Sam's Club announced
the introduction of a health exchange service in partnership with Aetna, to better serve its small business clientele. With that announcement, Sam’s Club becomes the first retailer to complement its full suite of healthcare offerings — optical, hearing, pharmacy — with a health exchange solution specifically targeting those who are arguably most concerned about health care: small business owners.
The move aligns Sam’s Club brands with all things health. “Whenever people visit Sam’s Club at all, I want them to be able to experience health-and-wellness in a way that they leave healthier no matter how they engage with us,” Sherri Thomas, director, managed care services for Sam's Club, told Drug Store News. “If it’s through our pharmacy, optical or hearing services, if they’re engaged in the exchange, if it’s through our health screenings, I want them to be a healthier person because they’re engaged with Sam’s Club.”
With the number of small business owners out there, Sam’s Club is about to get a whole lot busier.
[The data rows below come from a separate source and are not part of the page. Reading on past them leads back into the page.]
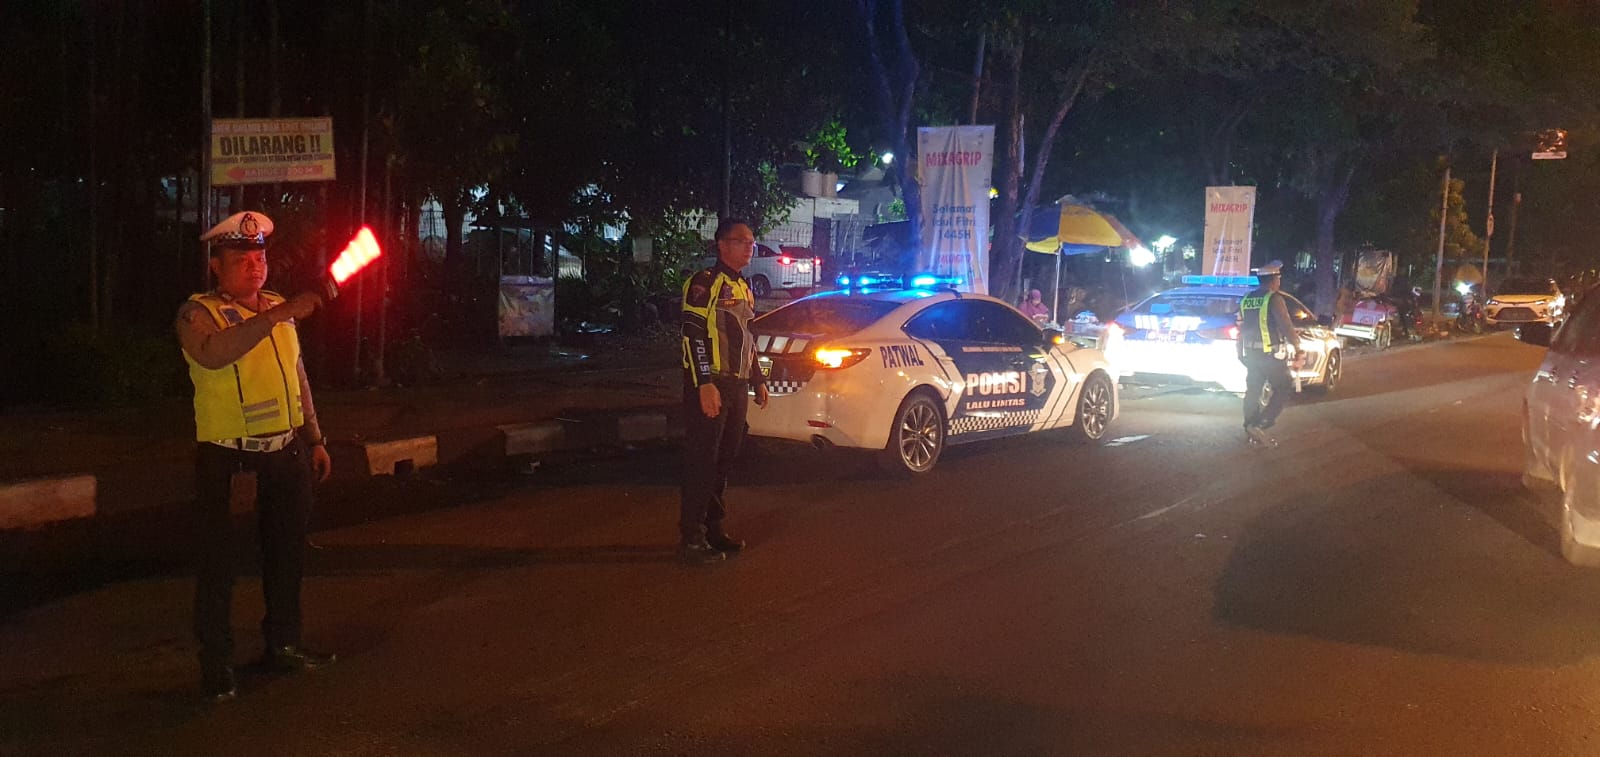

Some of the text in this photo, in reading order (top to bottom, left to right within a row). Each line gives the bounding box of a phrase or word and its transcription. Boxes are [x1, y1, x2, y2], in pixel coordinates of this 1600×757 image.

[220, 134, 321, 156] DILARANG !!
[925, 151, 982, 168] MIXAGRIP
[932, 203, 976, 214] Selamat
[1210, 202, 1248, 213] MIXAGRIP
[695, 339, 711, 376] POLISI
[879, 344, 924, 369] PATWAL
[966, 371, 1027, 396] POLISI
[966, 399, 1025, 410] LALU LINTAS
The company serves about 600,000 small business owners on a daily basis, making those small business owners a core part of Sam’s Club’s member base.
According to the U.S. Small Business Administration Office of Advocacy, there were 28.2 million small businesses (with less than 500 employees) in 2011 (the latest figures). A Kaiser Family Foundation study has confirmed a connection between the size of a firm and whether it offers health insurance. In that year, almost 50% of businesses with three to nine workers offered health insurance benefits to their employees. The ratio grows to 71% for firms with 10 to 24 employees, to 85% for firms with 25 to 49 employees and to 99% for firms with 200 employees or more.
In offering the health exchange, the sweet spot for Sam’s Club are those employers who employ between two and 49 people. “That’s typically what we have at Sam’s Club is those smaller business owners with on average four employees,” Jill Turner-Mitchael, SVP health and wellness at Sam’s Club, told Drug Store News. And to compete with employers larger than them, offering healthcare becomes a key point of differentiation.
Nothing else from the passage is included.